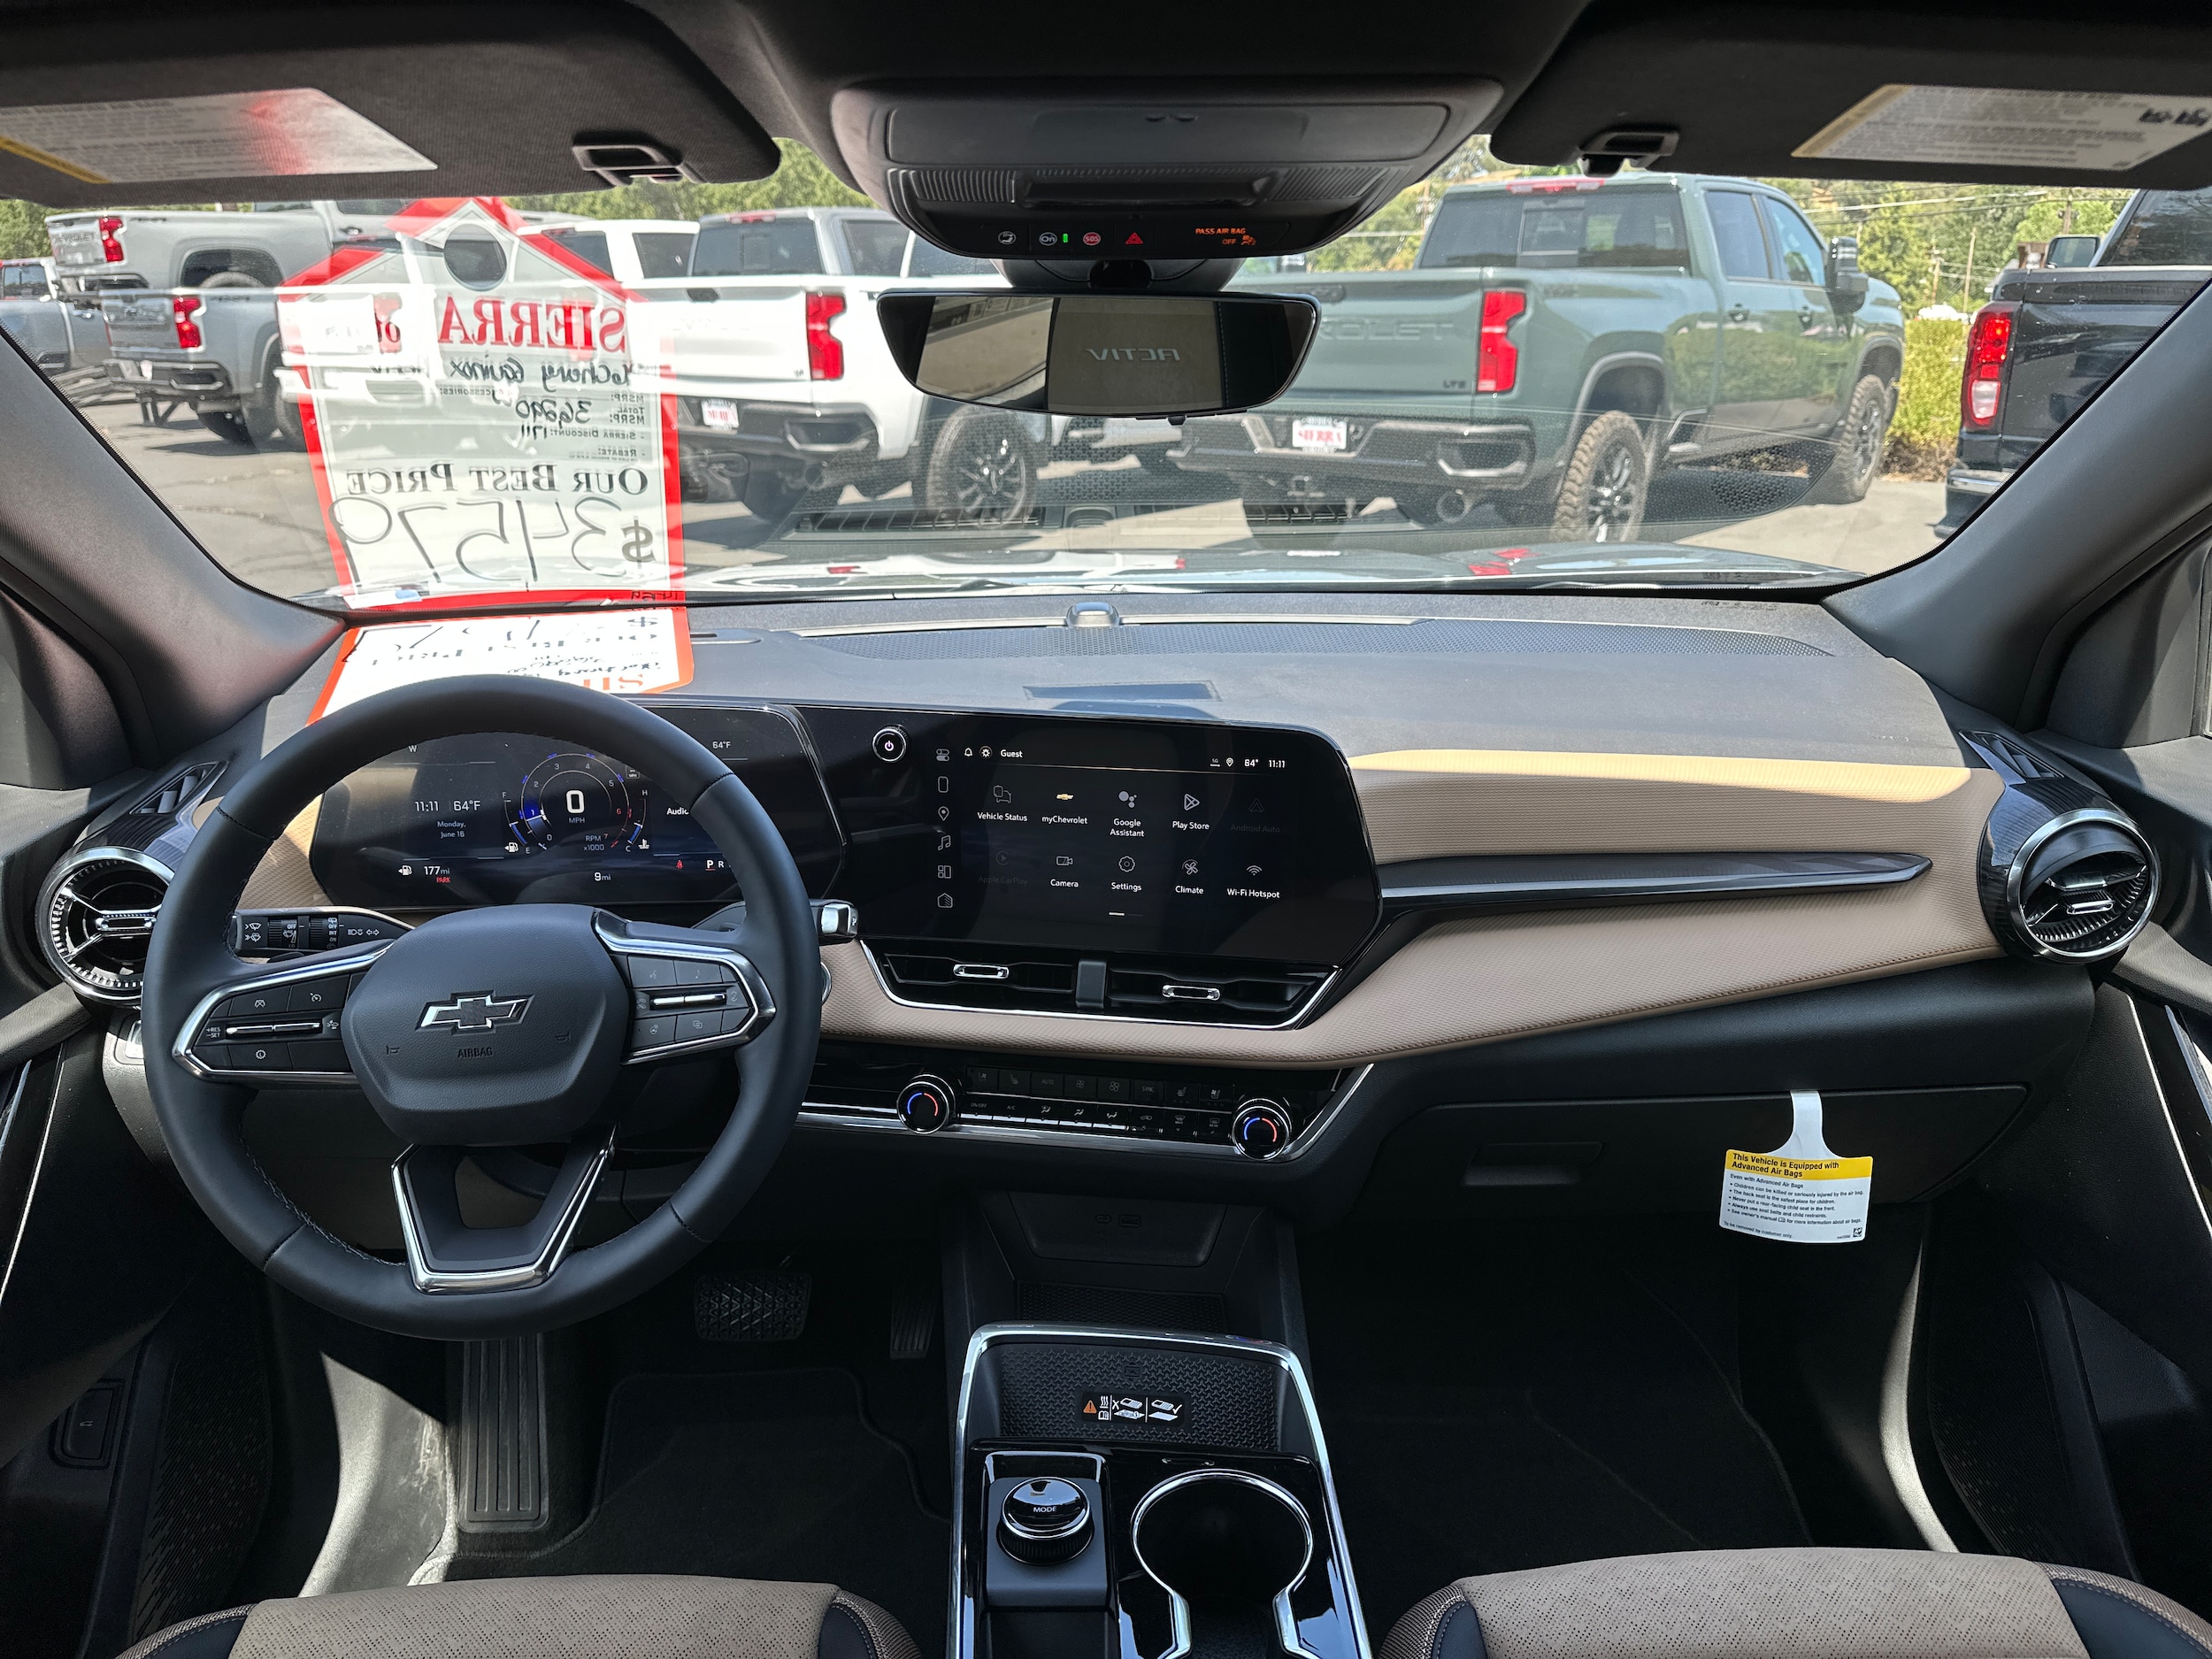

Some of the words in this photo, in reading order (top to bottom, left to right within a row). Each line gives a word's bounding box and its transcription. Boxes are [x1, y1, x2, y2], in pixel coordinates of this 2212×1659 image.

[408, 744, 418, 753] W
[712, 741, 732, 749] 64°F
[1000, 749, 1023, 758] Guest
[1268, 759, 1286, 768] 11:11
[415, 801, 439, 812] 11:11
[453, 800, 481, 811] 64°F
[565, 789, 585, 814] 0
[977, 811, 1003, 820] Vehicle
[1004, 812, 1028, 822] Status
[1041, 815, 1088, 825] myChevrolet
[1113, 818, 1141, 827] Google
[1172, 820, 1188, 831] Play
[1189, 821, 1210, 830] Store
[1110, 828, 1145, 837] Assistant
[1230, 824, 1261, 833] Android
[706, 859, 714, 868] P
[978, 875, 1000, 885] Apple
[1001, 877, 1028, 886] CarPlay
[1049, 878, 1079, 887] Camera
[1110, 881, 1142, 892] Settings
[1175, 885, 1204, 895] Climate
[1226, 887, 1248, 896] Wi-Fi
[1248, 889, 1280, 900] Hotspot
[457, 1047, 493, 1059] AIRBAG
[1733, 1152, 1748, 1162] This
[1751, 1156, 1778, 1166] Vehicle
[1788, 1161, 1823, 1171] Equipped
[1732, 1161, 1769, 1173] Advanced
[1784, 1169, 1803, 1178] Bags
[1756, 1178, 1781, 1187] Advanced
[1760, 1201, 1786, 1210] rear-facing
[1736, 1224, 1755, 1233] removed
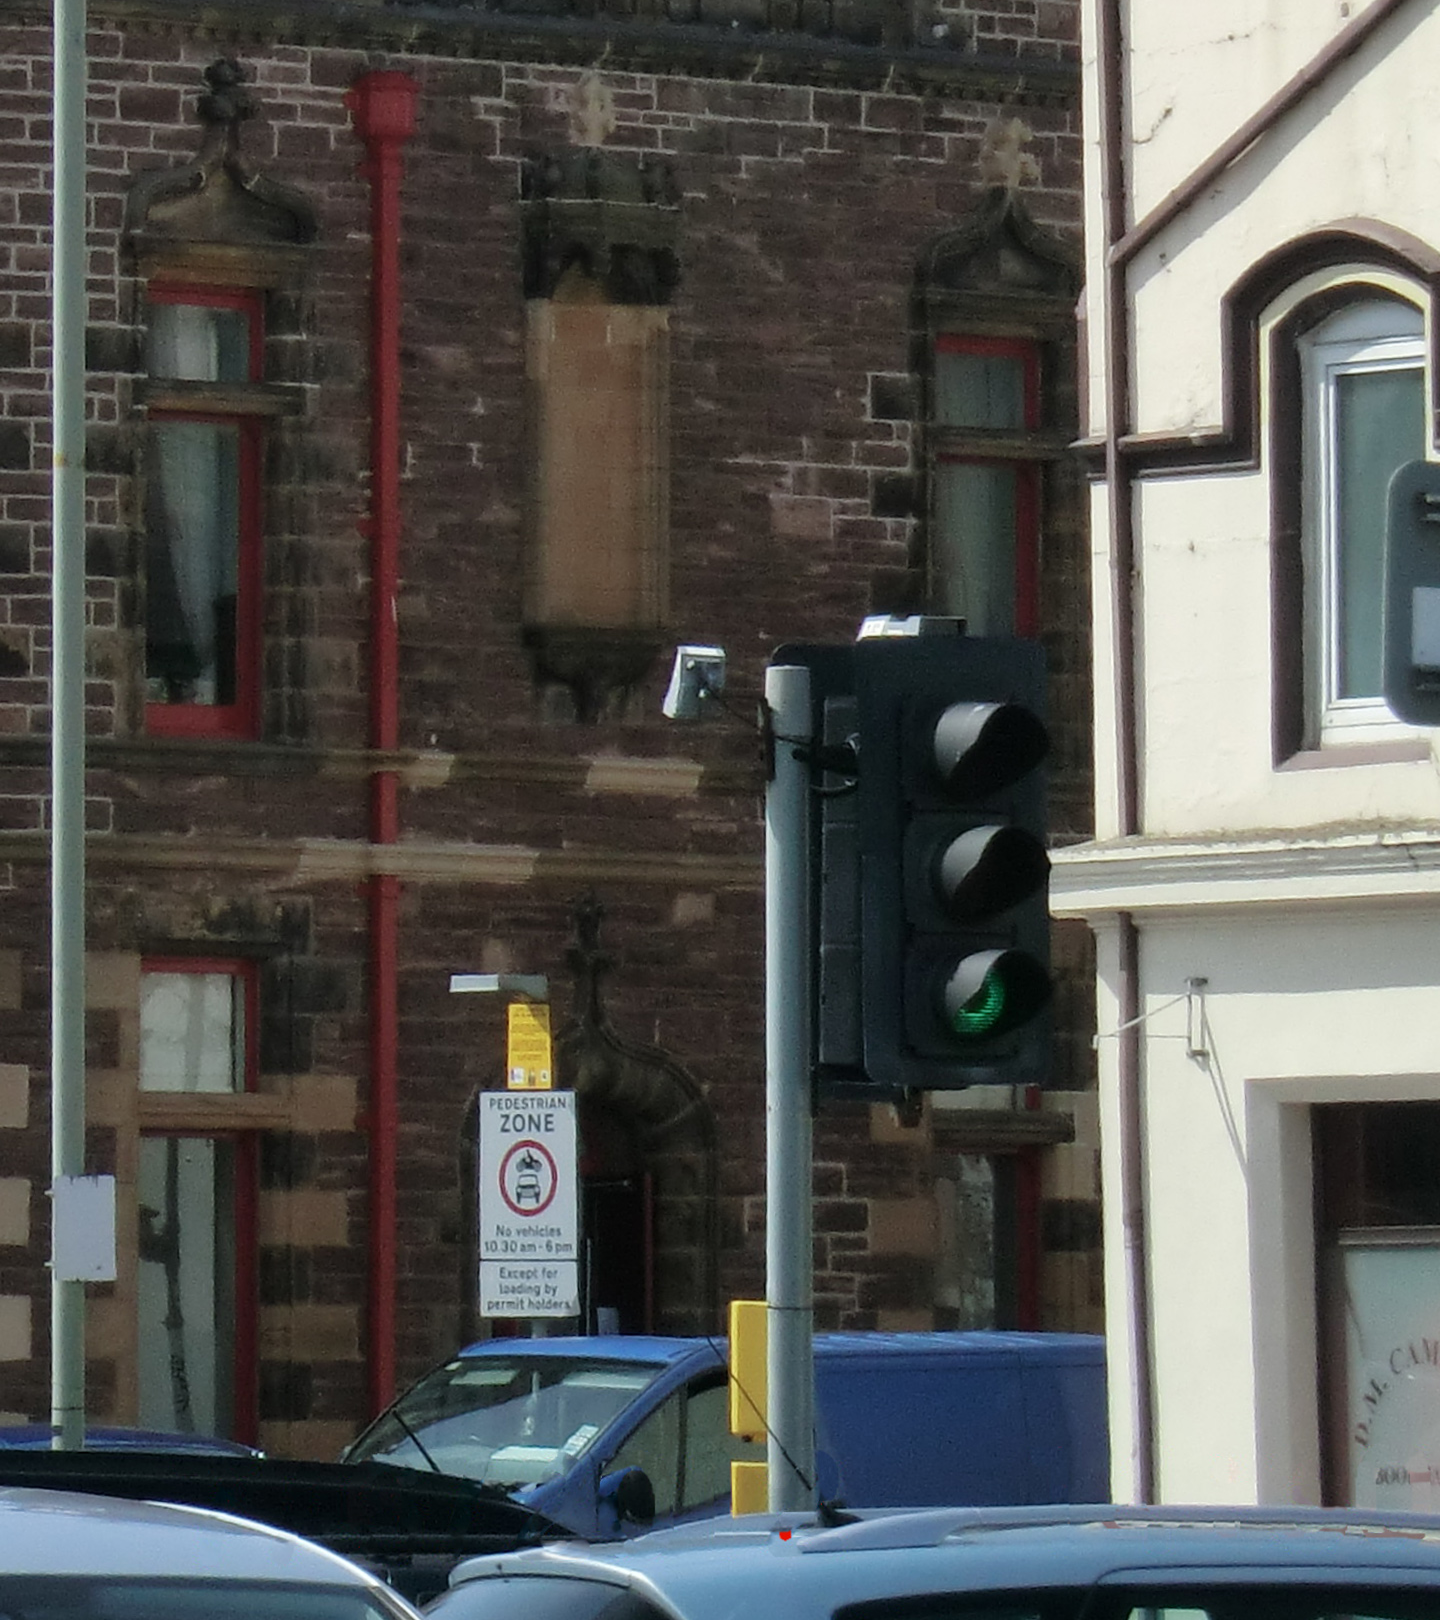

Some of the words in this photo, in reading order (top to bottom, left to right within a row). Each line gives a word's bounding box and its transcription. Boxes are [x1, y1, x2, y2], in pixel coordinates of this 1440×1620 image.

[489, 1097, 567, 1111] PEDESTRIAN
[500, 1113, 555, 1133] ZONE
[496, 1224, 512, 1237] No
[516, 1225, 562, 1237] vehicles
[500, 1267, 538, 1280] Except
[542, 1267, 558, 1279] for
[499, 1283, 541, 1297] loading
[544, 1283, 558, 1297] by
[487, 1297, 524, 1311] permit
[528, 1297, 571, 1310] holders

+ + +

◆ PROBLEM DESCRIPTION
Repeat, without change, each line of the data above from the one that contains "this 1440×1620 image." through the final line, counting both.

◆ THE COMPLETED TASK
Some of the words in this photo, in reading order (top to bottom, left to right within a row). Each line gives a word's bounding box and its transcription. Boxes are [x1, y1, x2, y2], in pixel coordinates of this 1440×1620 image.

[489, 1097, 567, 1111] PEDESTRIAN
[500, 1113, 555, 1133] ZONE
[496, 1224, 512, 1237] No
[516, 1225, 562, 1237] vehicles
[500, 1267, 538, 1280] Except
[542, 1267, 558, 1279] for
[499, 1283, 541, 1297] loading
[544, 1283, 558, 1297] by
[487, 1297, 524, 1311] permit
[528, 1297, 571, 1310] holders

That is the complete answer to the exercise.